Without the pictures, repeat the listing character for character.
* * *
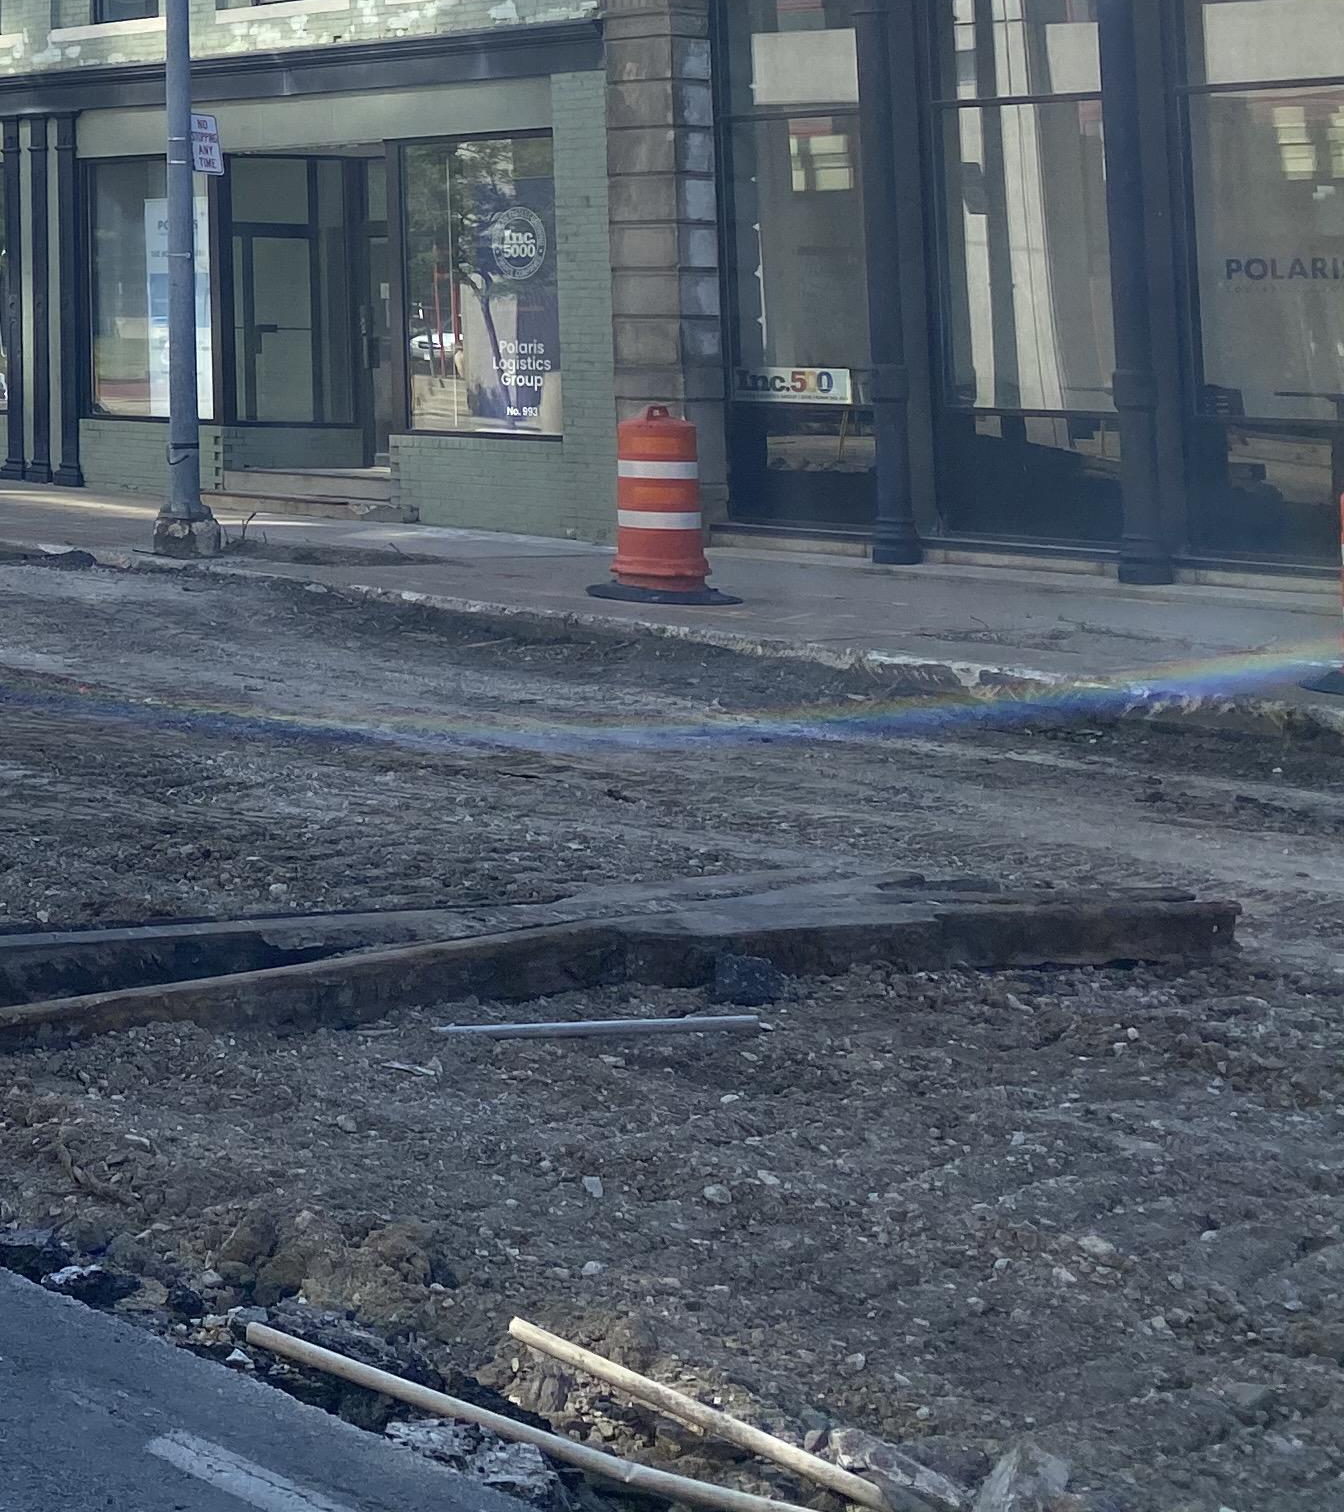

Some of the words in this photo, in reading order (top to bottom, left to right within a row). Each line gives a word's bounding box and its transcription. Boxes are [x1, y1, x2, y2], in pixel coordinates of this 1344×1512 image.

[196, 119, 209, 130] NO
[198, 144, 214, 157] ANY
[199, 157, 218, 169] TIME
[503, 229, 536, 244] Inc.
[503, 243, 536, 258] 5000
[1225, 257, 1344, 281] POLARI
[499, 338, 545, 355] Polaris
[492, 355, 552, 375] Logistics
[501, 372, 544, 392] Group
[506, 406, 521, 416] No.
[522, 406, 538, 416] 993
* * *
*Written reply:*
Some of the words in this photo, in reading order (top to bottom, left to right within a row). Each line gives a word's bounding box and its transcription. Boxes are [x1, y1, x2, y2], in pixel coordinates of this 1344×1512 image.

[196, 119, 209, 130] NO
[198, 144, 214, 157] ANY
[199, 157, 218, 169] TIME
[503, 229, 536, 244] Inc.
[503, 243, 536, 258] 5000
[1225, 257, 1344, 281] POLARI
[499, 338, 545, 355] Polaris
[492, 355, 552, 375] Logistics
[501, 372, 544, 392] Group
[506, 406, 521, 416] No.
[522, 406, 538, 416] 993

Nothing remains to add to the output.